What is this conservatism with which I have been identified since attending my first ISI summer school forty-six years ago?
Ask that question of a British Tory and you’ll get a reply that is different from one given by an American—even if the Tory you query is a Thatcherite Conservative. And the same will be the case of Spanish, Italian, German and French conservatives. These differences tell us that conservatism is an attitude—not an “ism”—and a disposition of mind toward government, politics, and tradition, not a philosophy of government or a systematic political theory. If not an ideology, a philosophy nor a political theory, then there is no universal conservatism about which to write. What we are discussing is an artifact, a cultural development, that in the case of those participating in this symposium began in America in response to the growth of the administrative state and which we can address by reflection on its history and the problems it addresses.

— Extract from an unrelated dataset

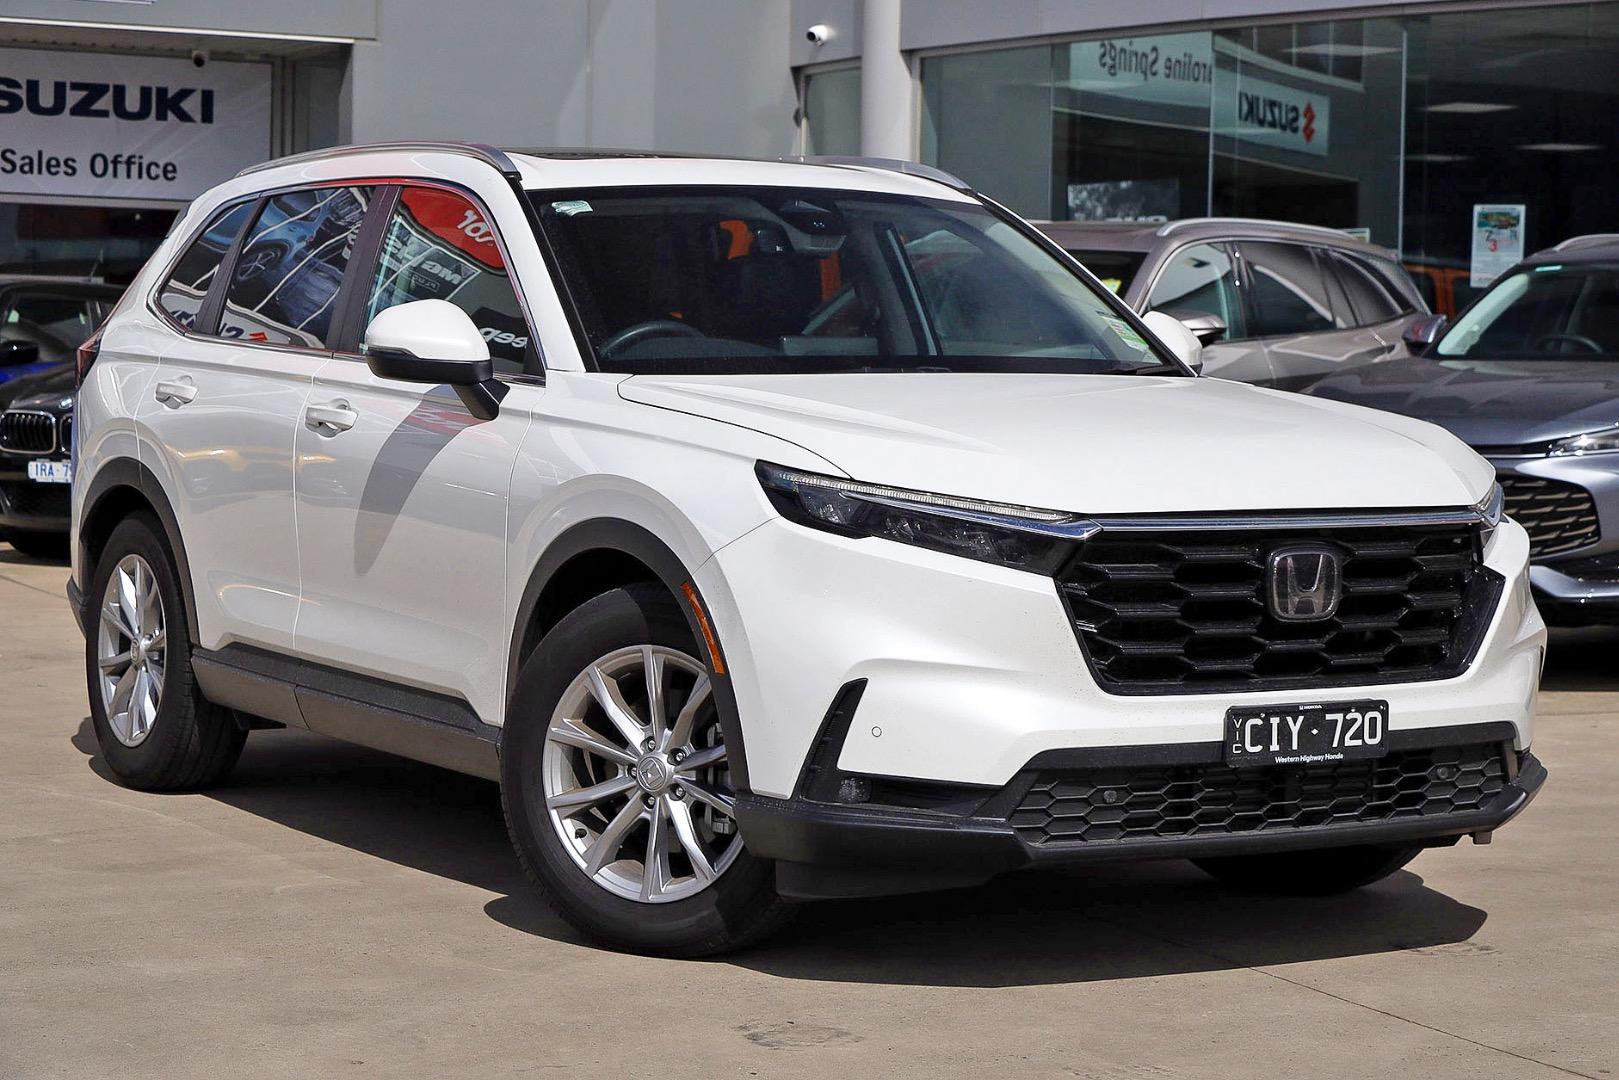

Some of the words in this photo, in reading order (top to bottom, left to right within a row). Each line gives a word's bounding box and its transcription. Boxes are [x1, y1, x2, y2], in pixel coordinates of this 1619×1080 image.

For that reason, this discussion reflects my training as a political theorist by Stanley Parry, Gerhart Niemeyer, Eric Voegelin and requires that I reflect upon my experience of things political, cultural, and moral in America today. Sometimes my professional judgments and my personal attitudes point me in the same direction, but the conservative part of me deals with practical matters, things more immediate and relevant to my “little platoon” of family and local community and touches also upon my social existence as a citizen of the United States. I can reflect upon and interpret my experience as a conservative while acting as a political theorist, but that critical role is analytical whereas being a conservative engages me “in my hips” to use Willmoore Kendall’s phrase, i.e., my practical life.
While an undergraduate seeking to understand America’s drift toward collectivism, I was able to meet and become friends with Frank Meyer. The encounter with Meyer occurred at a time when he was developing his theory of conservative “fusionism.” I later realized that fusionism is theoretically deficient, and more an ideological construct rather than a philosophic one, yet it resonated thenand today-with many American conservatives who want conservatism to become a force in American society and politics much like the ideology of liberalism with which they have contended. That construction of conservatism by Frank Meyer is an ideology, a making of abstractions that are imposed on reality rather than a reflection of our conservative folkways. That is not to say that my kind of conservative does not value freedom. I do.

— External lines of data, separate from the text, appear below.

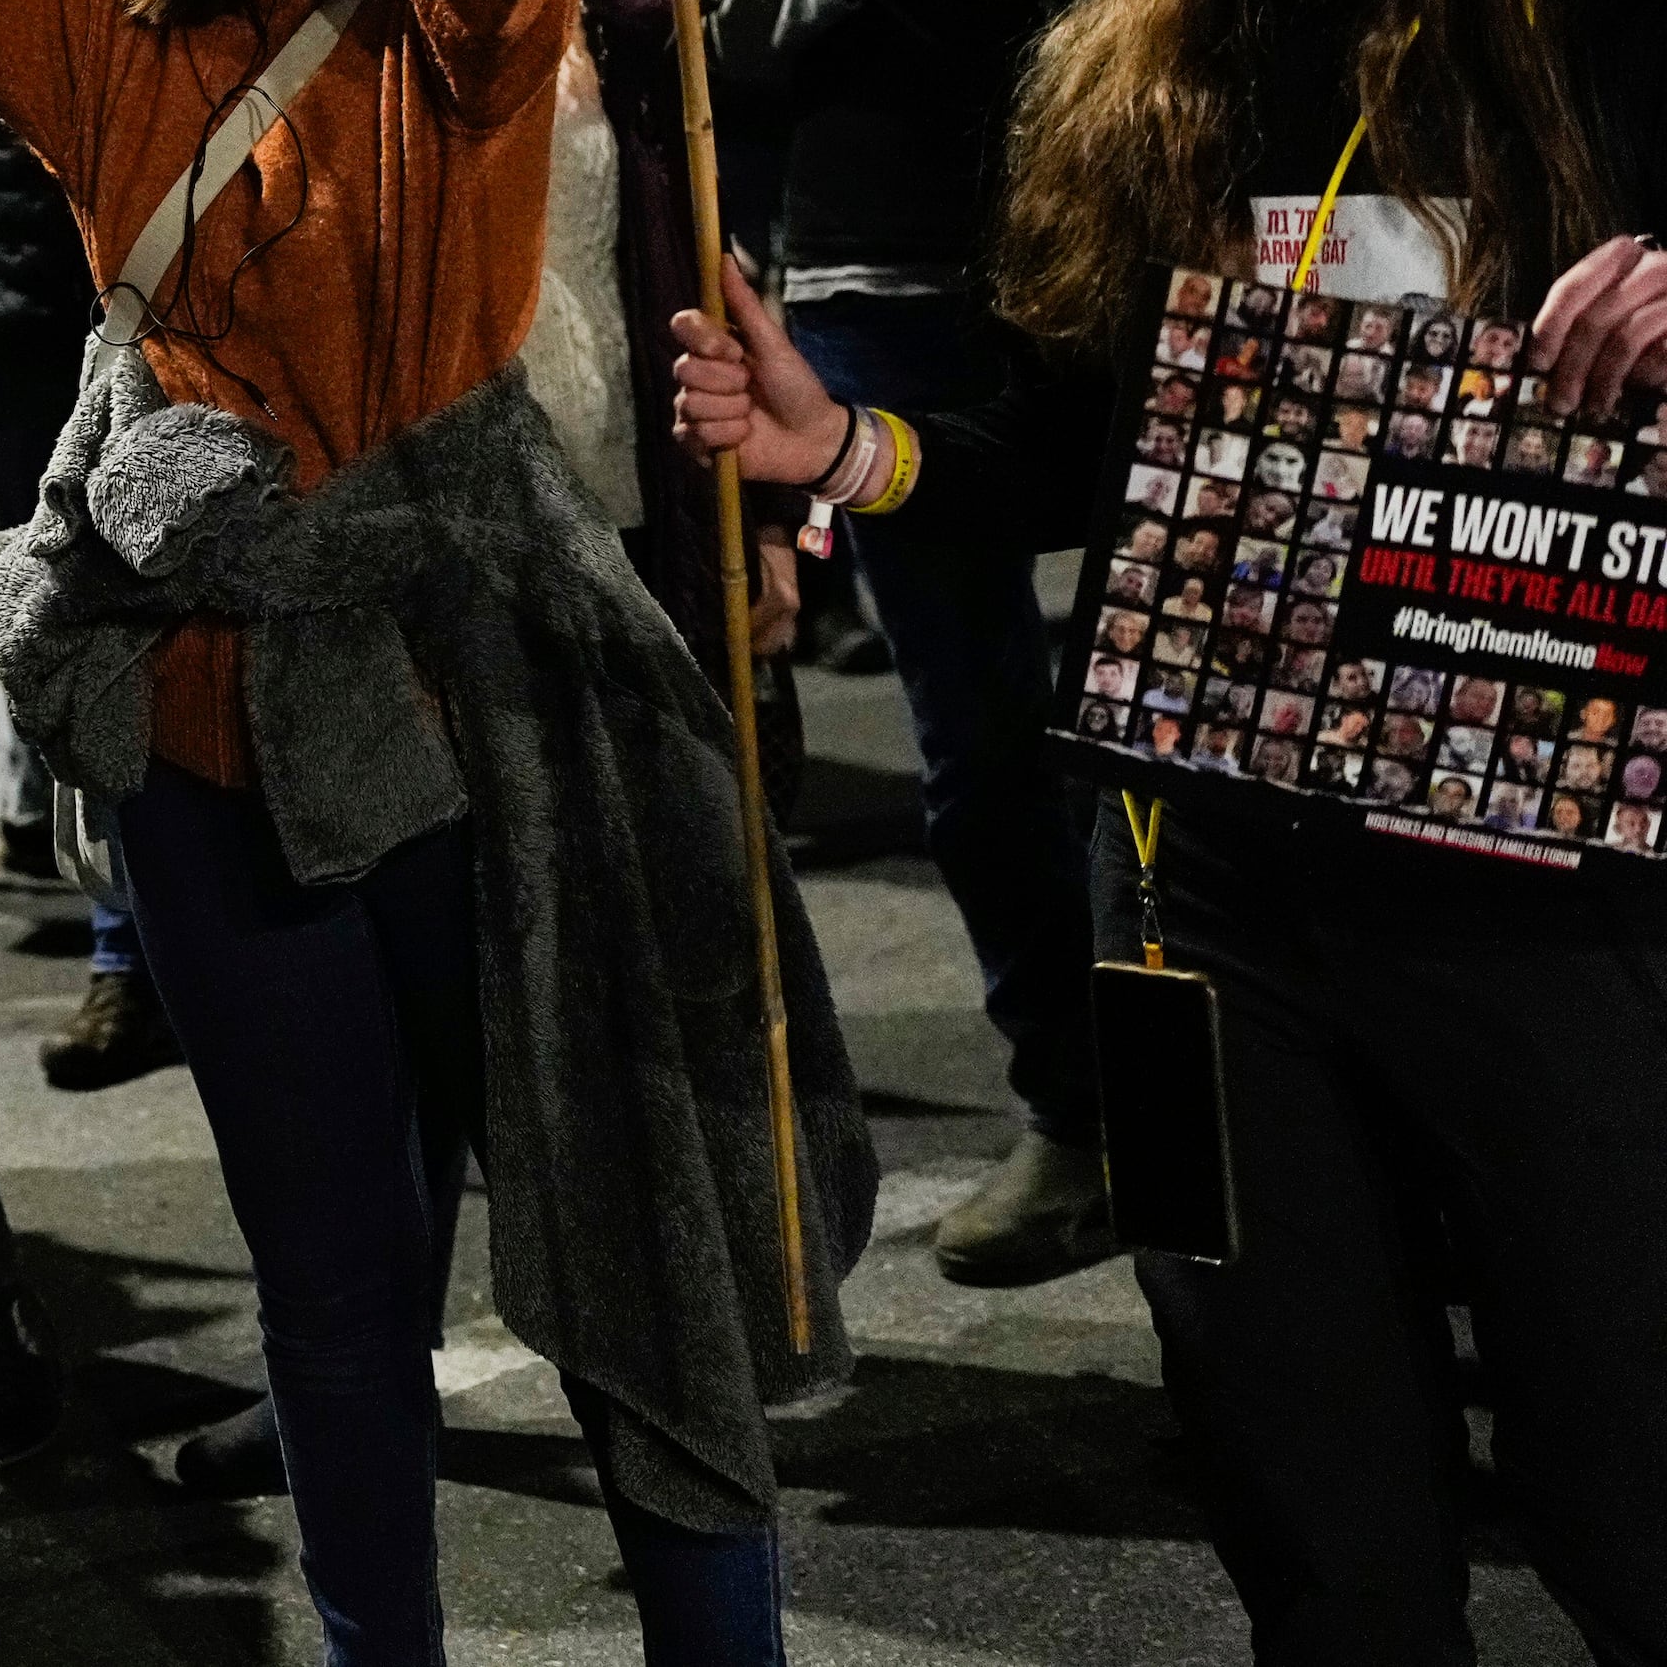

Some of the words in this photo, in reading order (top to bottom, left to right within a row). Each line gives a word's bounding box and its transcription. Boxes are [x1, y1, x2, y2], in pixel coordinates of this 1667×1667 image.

[1321, 239, 1347, 266] GAT
[1371, 483, 1444, 547] WE
[1450, 493, 1598, 572] WON'T
[1601, 520, 1667, 589] ST
[1359, 545, 1437, 593] UNTIL
[1447, 557, 1564, 614] THEY'RE
[1567, 580, 1617, 624] ALL

We conservatives believe that community in all its efflorescence takes precedence over the abstract “individual,” and that our commonly shared experience of the common good is the basis of social order, not the individual in the abstract. We do not think that maximizing the freedom of the abstract individual is the goal of society. Freedom of individuals is an abstract value, admirable in the abstract, but necessarily limited by other considerations, such as the freedom of American citizens. Mario Pei, one of the great linguists of the last century, thought that Frank Meyer’s fusionist construction was solipsistic.² By that he meant the only reality that Frank Meyer brought to his speculations was his own willful making of that reality.
Understanding reality requires that we discuss our experience of reality in all its aspects, which includes the material aspects of life, the Presocratics’ insight into the process of the genesis, growth, and death of “existent things” (ta onta), and the discovery that the arche of all this is transcendent reality (to on) which they understood was divine (to theion). This radical break with previous mythic formulations that shaped the culture of ancient Greece shaped the West and contributes even to this day to the uniqueness of how we understand the world and our place in it. The discovery of the soul (psyche) as the locus where transcendence is experienced unleashed the experiential differentiation that separates us from other cultures—and makes the civilization of the West superior.
When I wear my conservative hat here is what I see: we conservatives and our allies the libertarians are threatened by one main adversary to our social order and the precious freedom of American citizens—the administrative state—and we share a sense that the public spaces of our beloved America are being closed, constricted, and our lives deprived of opportunity and of freedoms that previous generations enjoyed.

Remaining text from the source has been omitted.